= Scheduled Areas =

Geographical designation in India

Scheduled Areas in India are those with a preponderance of tribal population, which are subject to a special governance mechanism wherein the central government plays a direct role in safeguarding cultural and economic interests of scheduled tribes in the area. These governance mechanisms are laid out in the Fifth and Sixth Schedules to the Constitution of India.

== Fifth Schedule area ==
The Fifth Schedule protects tribal interests in all the states except Assam, Meghalaya, Tripura and Mizoram (which are covered by the Sixth Schedule). However, all the scheduled areas where the Fifth Schedule applies are notified by the President of India. As of 2025, the President has notified scheduled areas in 10 states: Andhra Pradesh, Chhattisgarh, Gujarat, Himachal Pradesh, Jharkhand, Madhya Pradesh, Maharashtra, Odisha, Rajasthan, and Telangana. According to Adivasi organisations, these notified areas cover only about 41 percent of India's Scheduled Tribes, and the remaining 59 percent of tribals are left out.

In the Fifth Schedule areas, the governor of the state has special responsibilities with respect to tribal populations in the areas including issuing directives to the state government and limiting the effect of acts of the central or state legislature on the areas.

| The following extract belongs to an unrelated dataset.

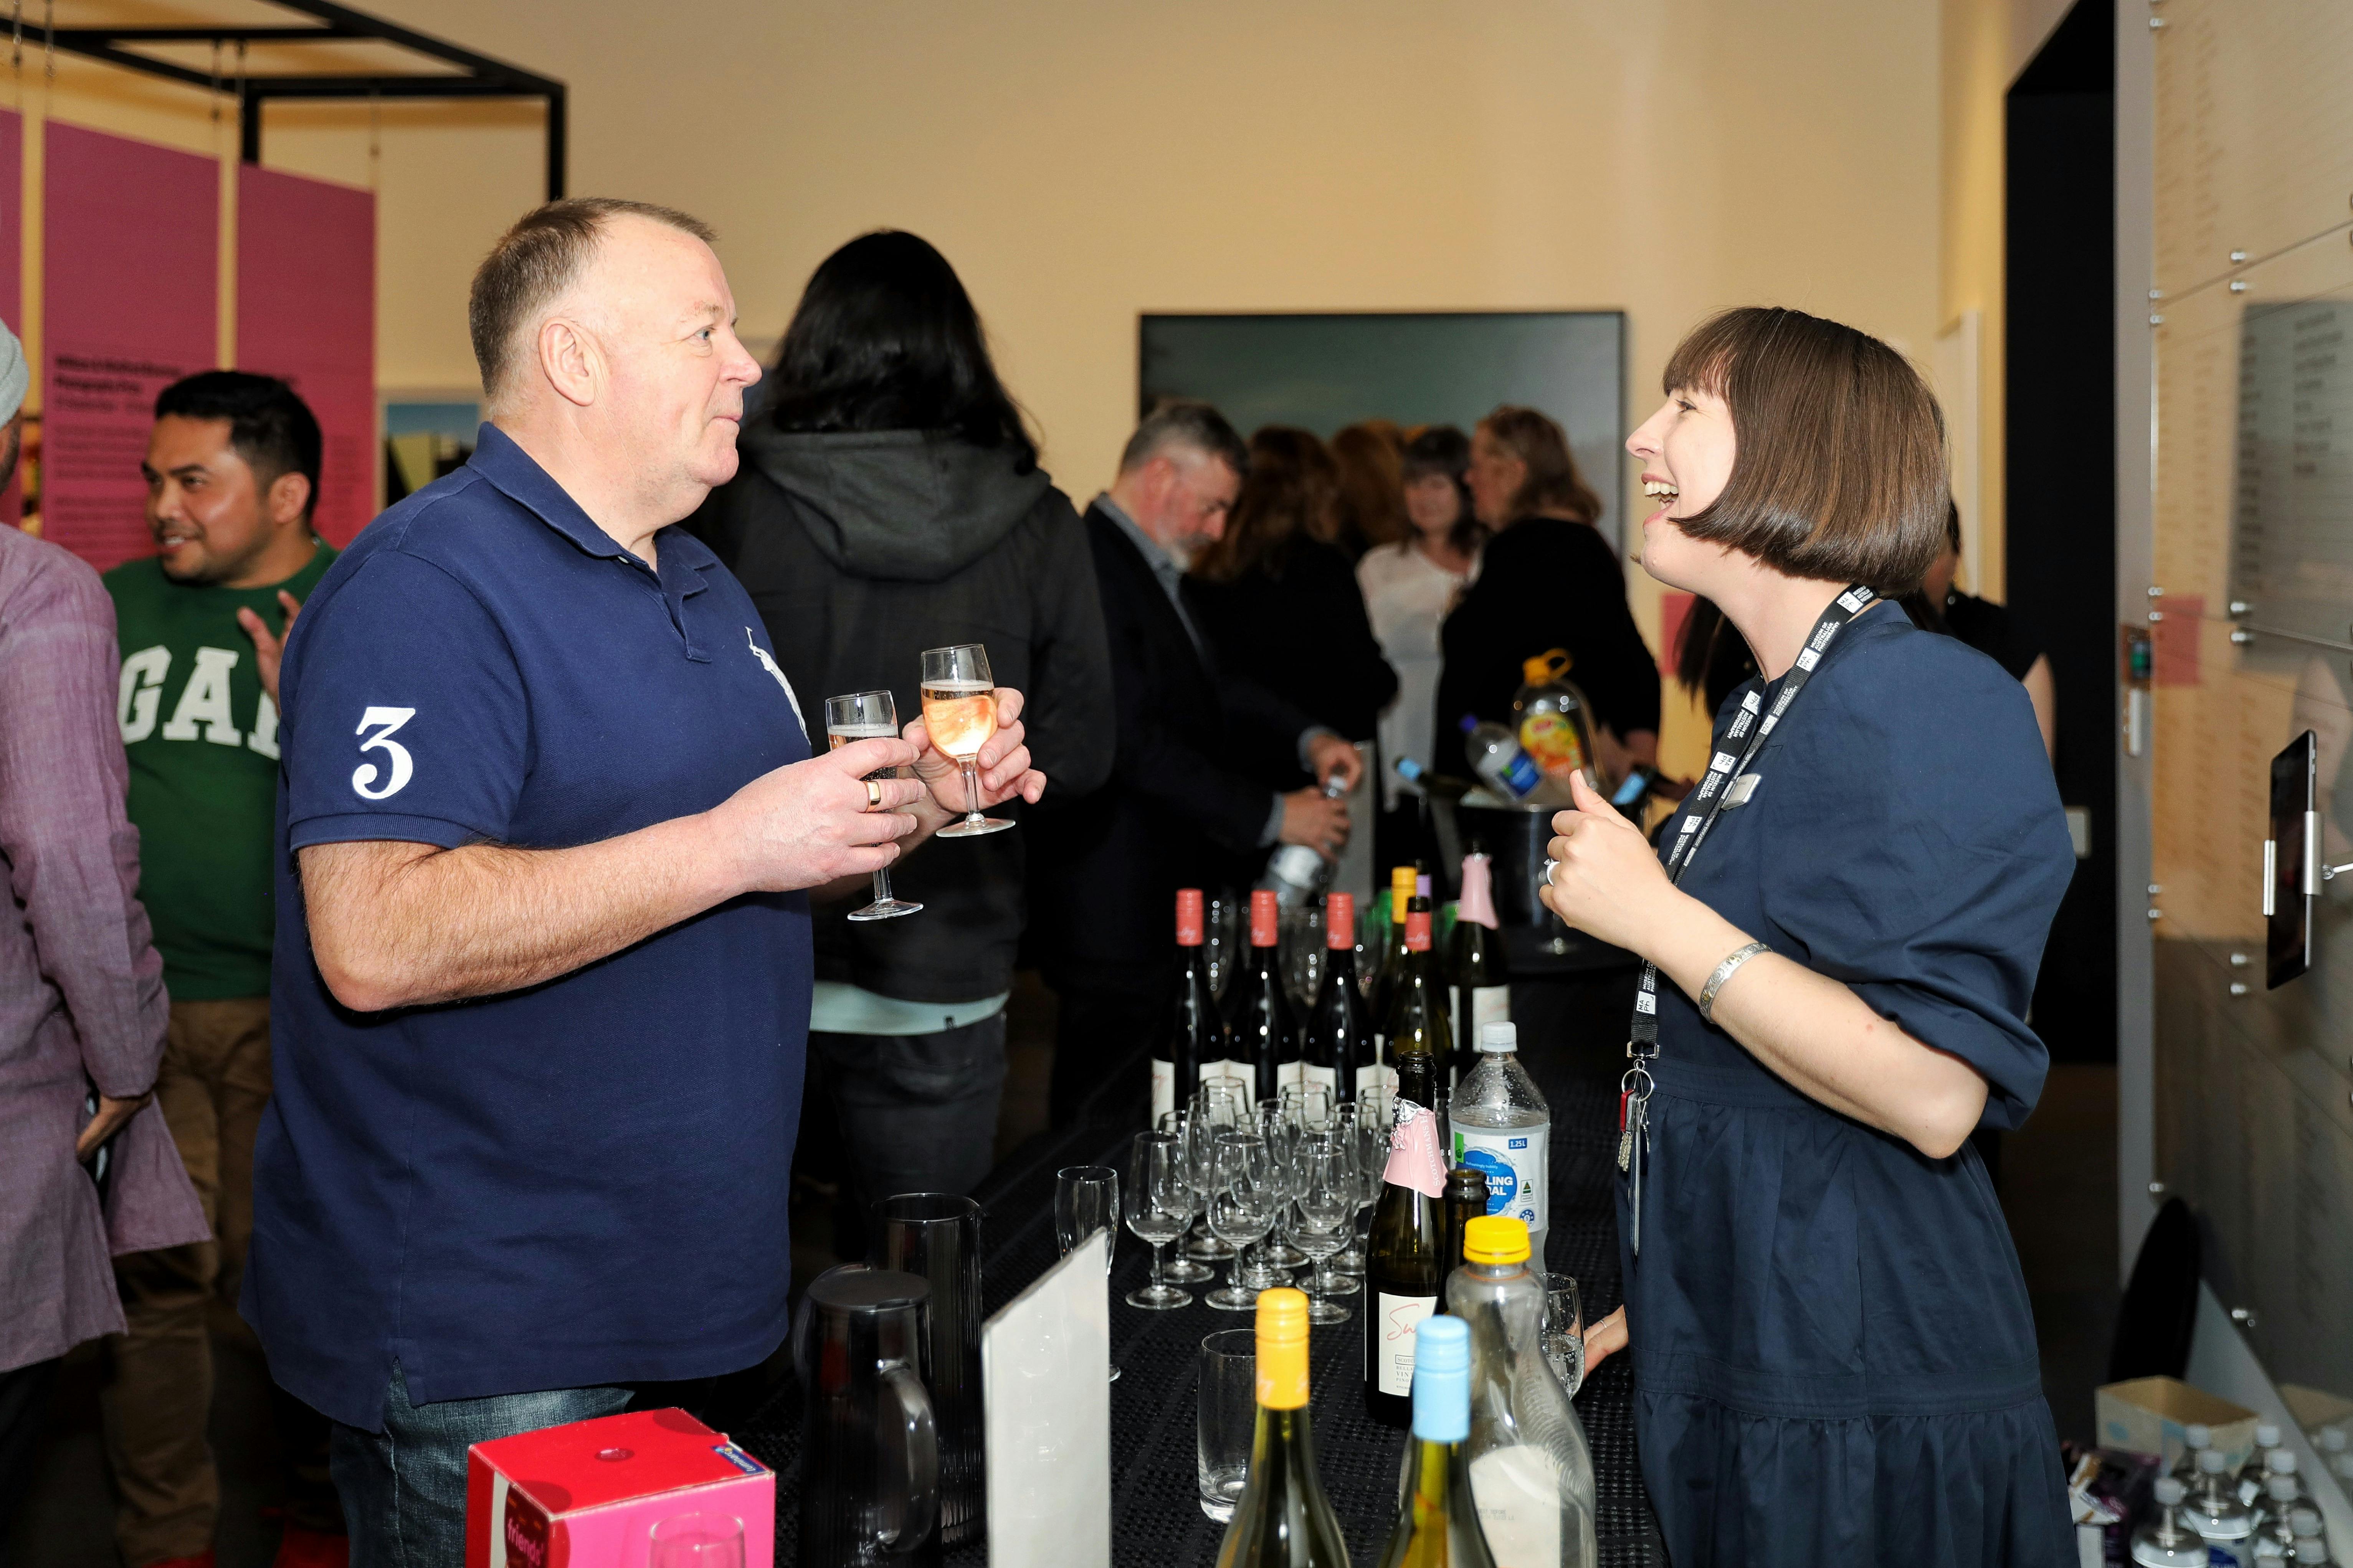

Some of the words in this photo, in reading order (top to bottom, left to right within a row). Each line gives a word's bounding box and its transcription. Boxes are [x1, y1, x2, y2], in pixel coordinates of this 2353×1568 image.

There are also special laws applicable to the Scheduled Areas, such as the Right to Fair Compensation and Transparency in Land Acquisition, Rehabilitation and Resettlement Act 2013 and the Biological Diversity Act 2002.

== Sixth Schedule area ==
The Sixth Schedule protects tribal interests in Assam, Meghalaya, Tripura and Mizoram.
The Sixth Schedule areas are called Tribal Areas rather than Scheduled Areas.
The emphasis in these areas is on self-rule; tribal communities are granted considerable autonomy, including powers to make laws and receive central government funds for social and infrastructure development. To enable local control, the role of the Governor and the State are subject to significant limitations in the areas.